• **RECORDS FOR THE EXERCISE**:
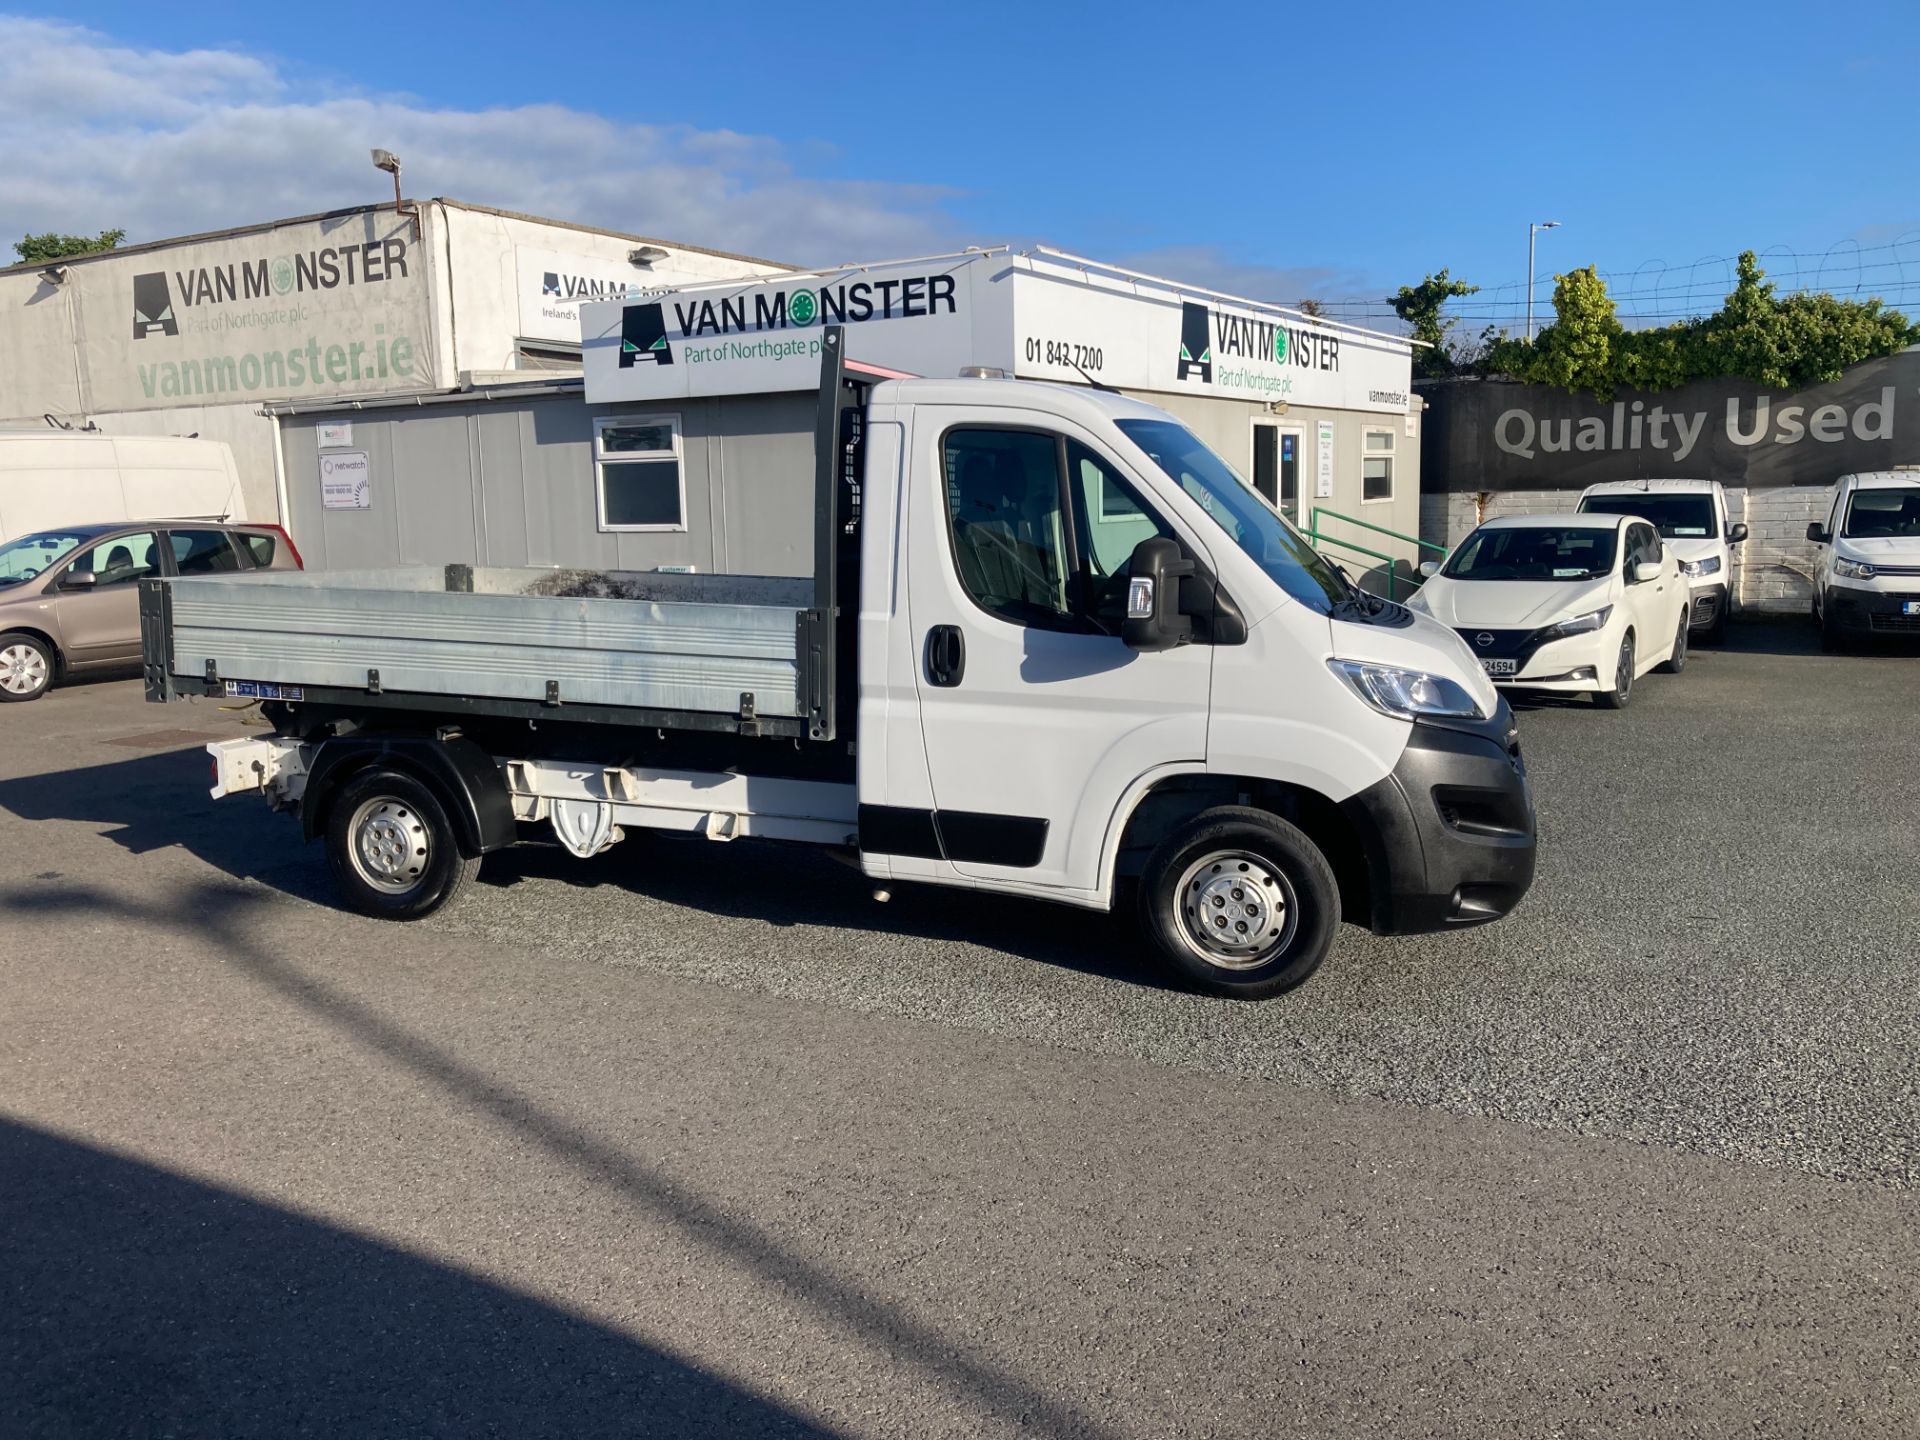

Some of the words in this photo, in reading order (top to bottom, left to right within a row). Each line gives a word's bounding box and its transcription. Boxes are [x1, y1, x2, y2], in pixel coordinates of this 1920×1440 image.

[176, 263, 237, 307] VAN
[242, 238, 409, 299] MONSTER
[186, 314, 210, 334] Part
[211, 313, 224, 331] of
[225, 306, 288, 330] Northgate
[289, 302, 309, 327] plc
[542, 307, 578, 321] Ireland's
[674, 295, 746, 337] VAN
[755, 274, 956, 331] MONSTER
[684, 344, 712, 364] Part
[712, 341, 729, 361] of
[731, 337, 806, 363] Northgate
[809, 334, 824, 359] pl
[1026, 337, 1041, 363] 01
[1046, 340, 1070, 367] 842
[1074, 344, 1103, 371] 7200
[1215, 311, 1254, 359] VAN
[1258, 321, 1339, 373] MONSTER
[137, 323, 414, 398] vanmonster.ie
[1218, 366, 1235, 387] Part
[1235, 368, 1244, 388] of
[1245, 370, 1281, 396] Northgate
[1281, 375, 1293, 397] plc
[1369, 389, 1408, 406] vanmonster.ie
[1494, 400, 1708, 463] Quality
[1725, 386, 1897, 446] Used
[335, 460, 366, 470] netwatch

• **ASSIGNMENT**:
When you output the entries, keep each line exactly as it is and leave out any pictures.

• **TASK SOLUTION**:
Some of the words in this photo, in reading order (top to bottom, left to right within a row). Each line gives a word's bounding box and its transcription. Boxes are [x1, y1, x2, y2], in pixel coordinates of this 1920×1440 image.

[176, 263, 237, 307] VAN
[242, 238, 409, 299] MONSTER
[186, 314, 210, 334] Part
[211, 313, 224, 331] of
[225, 306, 288, 330] Northgate
[289, 302, 309, 327] plc
[542, 307, 578, 321] Ireland's
[674, 295, 746, 337] VAN
[755, 274, 956, 331] MONSTER
[684, 344, 712, 364] Part
[712, 341, 729, 361] of
[731, 337, 806, 363] Northgate
[809, 334, 824, 359] pl
[1026, 337, 1041, 363] 01
[1046, 340, 1070, 367] 842
[1074, 344, 1103, 371] 7200
[1215, 311, 1254, 359] VAN
[1258, 321, 1339, 373] MONSTER
[137, 323, 414, 398] vanmonster.ie
[1218, 366, 1235, 387] Part
[1235, 368, 1244, 388] of
[1245, 370, 1281, 396] Northgate
[1281, 375, 1293, 397] plc
[1369, 389, 1408, 406] vanmonster.ie
[1494, 400, 1708, 463] Quality
[1725, 386, 1897, 446] Used
[335, 460, 366, 470] netwatch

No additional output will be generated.